### Work to be completed
Could you retype the records word for word but without any pictures?

### Available records
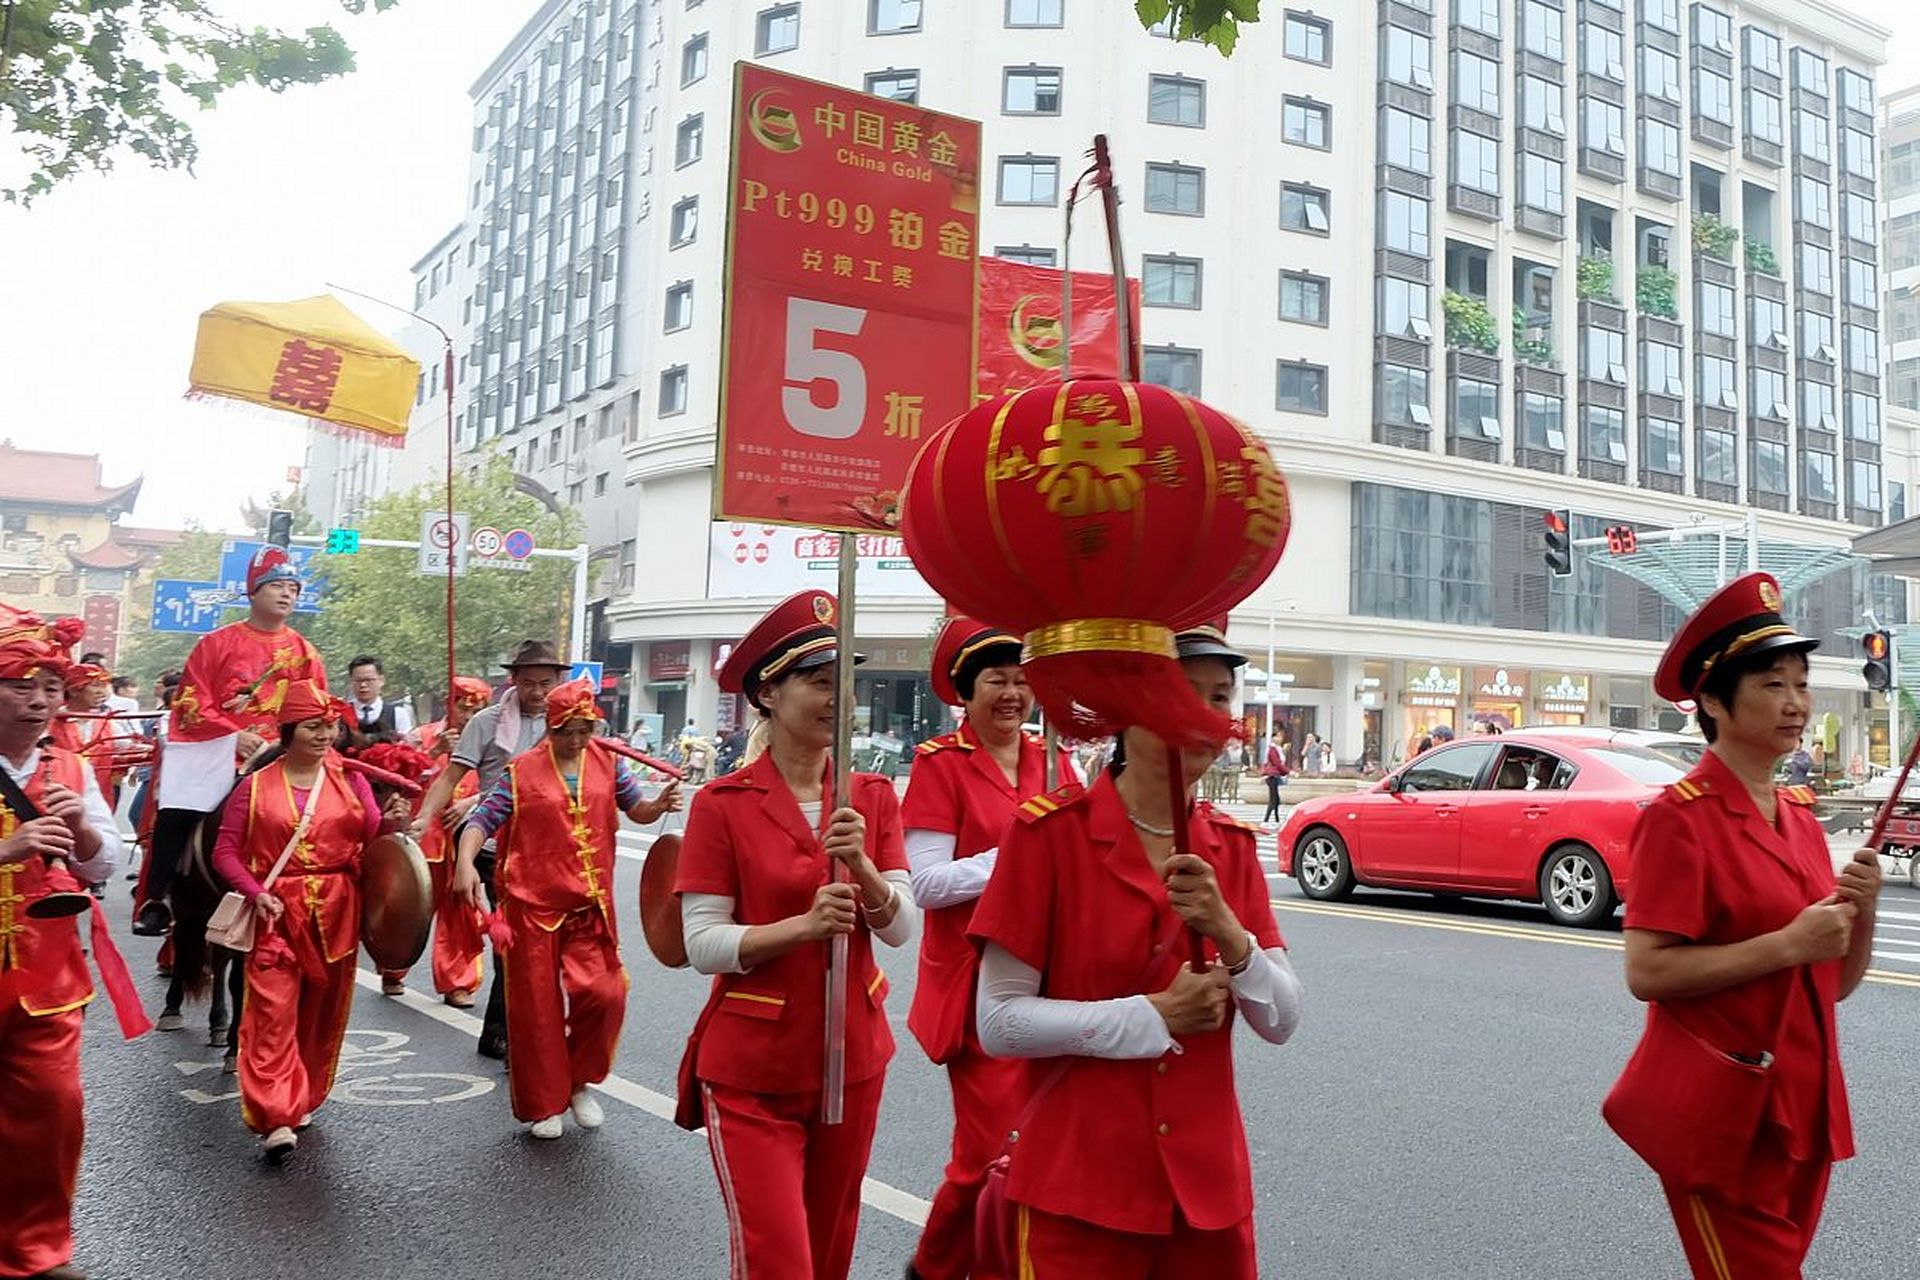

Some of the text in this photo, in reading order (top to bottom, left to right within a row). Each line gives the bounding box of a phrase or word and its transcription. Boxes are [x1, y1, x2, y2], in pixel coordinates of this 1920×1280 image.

[814, 102, 960, 167] 中国黄金
[836, 147, 933, 183] China Gold
[741, 180, 972, 261] Pt999 铂金
[801, 248, 914, 289] 兑换工费
[782, 296, 925, 440] 5 折
[478, 535, 497, 550] 50

### Exercise output
Some of the text in this photo, in reading order (top to bottom, left to right within a row). Each line gives the bounding box of a phrase or word and its transcription. Boxes are [x1, y1, x2, y2], in pixel coordinates of this 1920×1280 image.

[814, 102, 960, 167] 中国黄金
[836, 147, 933, 183] China Gold
[741, 180, 972, 261] Pt999 铂金
[801, 248, 914, 289] 兑换工费
[782, 296, 925, 440] 5 折
[478, 535, 497, 550] 50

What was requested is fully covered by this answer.